Biricik Biricik

Posted on Apr 8 • Edited on May 16 • Originally published at dev.to

The case for self-hosted AI in regulated industries: data sovereignty in 2026

#ai #webdev #devops #security

The question every regulated-industry engineering manager is asking in 2026

If you run an engineering team in healthcare, finance, government, or defense, you've had a version of this conversation in the last six months: someone in the org wants to use a generative AI feature, and someone else in the org is asking where, exactly, the data goes when a user clicks "generate." If you can't answer that question with a single country, a single legal jurisdiction, and a single owner, you have a compliance problem you haven't solved yet.

This article is for those engineering managers and the developers who report to them. I'm Cemhan Biricik, founder of ZSky AI. We run a generative image and video platform on hardware we own, in a country we operate in, and we made that choice deliberately. Below is the case for self-hosted AI infrastructure in regulated industries in 2026, what's changed in the last twelve months, and how we built our stack to actually answer the question.

What's actually changed since 2024

Three things, all of them moving at the same time, all of them pointing toward "you'd better know where your data lives."

1. EU-US data transfer is back in court. The Data Privacy Framework that replaced Privacy Shield is facing its second major legal challenge. The arguments are familiar to anyone who lived through Schrems II: U.S. surveillance authority is broader than EU adequacy permits, and remedies for EU citizens are weaker than the Charter of Fundamental Rights requires. Counsel I've talked to are not betting on the DPF surviving the next two years intact. If you've built your AI feature on a multi-region cloud provider that routes EU user prompts through U.S. inference endpoints, you may be back to drafting Standard Contractual Clauses on top of Transfer Impact Assessments by the end of 2026.

2. State-level AI laws shipped in the U.S. Colorado's AI Act, the New York City employment law, the California ADMT regs, and Utah's disclosure requirements are now live or imminent. Each one carves out specific obligations for "high-risk" automated decision systems, and each one expects you to know what model is processing what data and where. The federal floor is still being negotiated, but the state floor is already a ceiling for non-compliant vendors.

3. Enterprise procurement woke up. I run sales conversations with enterprise customers, and the security questionnaires that used to ask about HTTPS and SSO now ask about model provenance, training data jurisdiction, inference geography, fine-tuning isolation, and whether the vendor has the legal authority to refuse a foreign government data request. If you can't answer those questions with one breath each, the deal slows down or dies.

The combined effect is that "we use OpenAI's API" or "we use Google Vertex" is no longer an answer to "where does our data live." It's the start of a 40-page Transfer Impact Assessment. And in regulated industries — healthcare, finance, government, defense — that assessment frequently concludes "you can't, actually."

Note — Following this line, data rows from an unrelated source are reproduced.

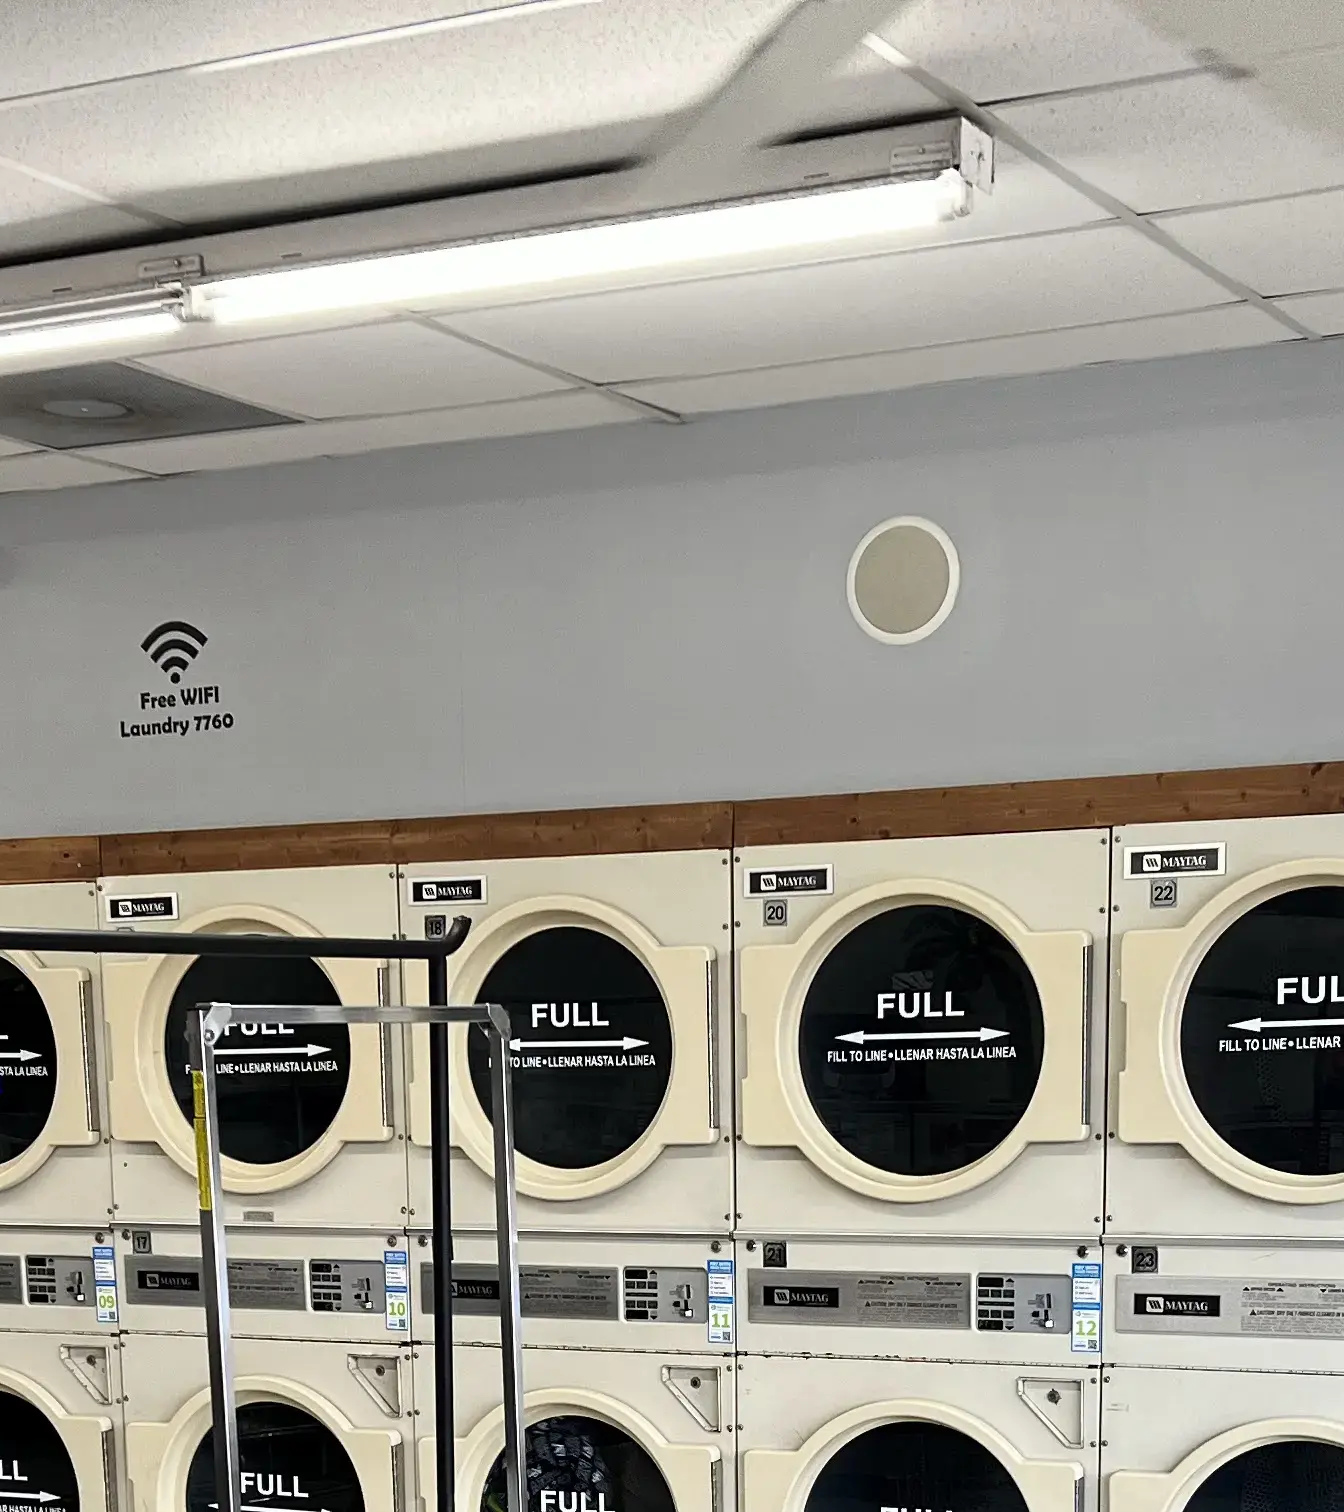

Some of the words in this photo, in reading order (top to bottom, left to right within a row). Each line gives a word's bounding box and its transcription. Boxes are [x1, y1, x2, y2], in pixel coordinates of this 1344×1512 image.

[140, 692, 176, 710] Free
[180, 686, 220, 706] WIFI
[120, 716, 190, 738] Laundry
[193, 713, 234, 732] 7760
[1162, 855, 1207, 869] MAYTAG
[777, 876, 816, 889] MAYTAG
[438, 885, 473, 897] MAYTAG
[1154, 886, 1173, 901] 22
[131, 902, 165, 913] MAYTAG
[766, 905, 784, 921] 20
[431, 918, 443, 936] 18
[878, 991, 964, 1018] FULL
[532, 1003, 609, 1027] FULL
[224, 1022, 295, 1036] FULL
[1218, 1040, 1242, 1051] FILL
[1243, 1039, 1259, 1050] TO
[584, 1056, 614, 1066] HASTA
[615, 1056, 627, 1066] LA
[628, 1055, 655, 1065] LINEA
[827, 1051, 847, 1062] FILL
[848, 1051, 862, 1061] TO
[935, 1048, 969, 1059] HASTA
[970, 1048, 984, 1058] LA
[986, 1047, 1016, 1058] LINEA
[272, 1062, 300, 1072] HASTA
[300, 1062, 312, 1071] LA
[312, 1061, 338, 1071] LINEA
[136, 1236, 149, 1250] 17
[1137, 1252, 1155, 1270] 23
[99, 1295, 115, 1309] 09
[791, 1293, 829, 1304] MAYTAG
[1166, 1299, 1208, 1312] MAYTAG
[389, 1301, 405, 1316] 10
[712, 1312, 731, 1328] 11
[1076, 1320, 1098, 1337] 12
[240, 1472, 309, 1498] FULL

The cloud-rented competitor problem

Let's name names, generously. The major generative AI APIs you might be tempted to wire into a regulated workflow break down something like this:

Multi-region U.S. cloud providers (OpenAI, Google, AWS Bedrock, Azure OpenAI): Your data probably stays in the region you pick, but the vendor's training pipeline, support staff, and "abuse review" subprocessors are global. The vendor's legal entity is U.S., which means a Foreign Intelligence Surveillance Act request can compel disclosure regardless of where the bytes physically sit. You can negotiate enterprise terms, but you can't negotiate FISA away.
Chinese-origin video models (Kling, Hailuo, Vidu, and several wrappers): Hosted on infrastructure in mainland China. Subject to the Cybersecurity Law, the Data Security Law, and Article 7 of the National Intelligence Law, which obligates organizations to assist state intelligence work. For any U.S. healthcare, finance, or government workload, this is a non-starter and your CISO will say so in five seconds.
European vendors: Generally better on residency, but most of the actual model weights they serve come from U.S. or Chinese labs, and the inference often happens on Microsoft Azure or AWS Frankfurt. The "European-ness" sometimes goes one layer deep.
Self-hosted open-weight models on your own hardware: Slowest path to ship, highest engineering cost, complete control over data and geography.

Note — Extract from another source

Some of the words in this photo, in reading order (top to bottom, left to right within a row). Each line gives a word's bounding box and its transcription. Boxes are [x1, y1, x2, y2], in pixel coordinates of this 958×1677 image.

ZSky picked option four, and we did it from day one.

How we built it

We own seven NVIDIA RTX 5090 GPUs. They live in a facility in the United States. They are wired to networking we control. The inference stack is a Python and Go service mesh we wrote ourselves, fronted by a Cloudflare-protected web tier and a queue layer that pins jobs to a specific GPU pool based on workload type. When a user types a prompt into ZSky AI, the prompt goes to our web tier, gets queued, runs on our hardware, and the result comes back. There is no third-party inference API in that path. There is no overseas hop. There is no "we send your prompt to Hugging Face" footnote. The bytes stay on metal we bought.

This was not the cheap or easy choice. The math on owning seven RTX 5090s versus paying per-token to a hyperscaler is brutal in the short term. We made the call because we wanted the answer to "where does my data live" to be one sentence long.

The compliance posture we run today

For the engineering managers reading this, here is what's already done and what's in flight, in the order an enterprise procurement team will ask:

Data residency. All inference happens on U.S.-based hardware we own and operate. Static assets and edge caching ride on Cloudflare's global CDN, which is contractually U.S.-headquartered with documented sub-processor lists. Customer prompts and generations are stored on U.S.-located object storage with at-rest encryption (AES-256) and per-tenant key isolation for paid plans.

GDPR. We honor data subject access requests within the 30-day window. Right to erasure is implemented in our admin tooling — when a user deletes their account, we run a cascading delete across the database, the object store, and the queue logs within 72 hours. We're a data controller for free-tier accounts and a data processor for enterprise accounts, with separate Data Processing Addenda available for each.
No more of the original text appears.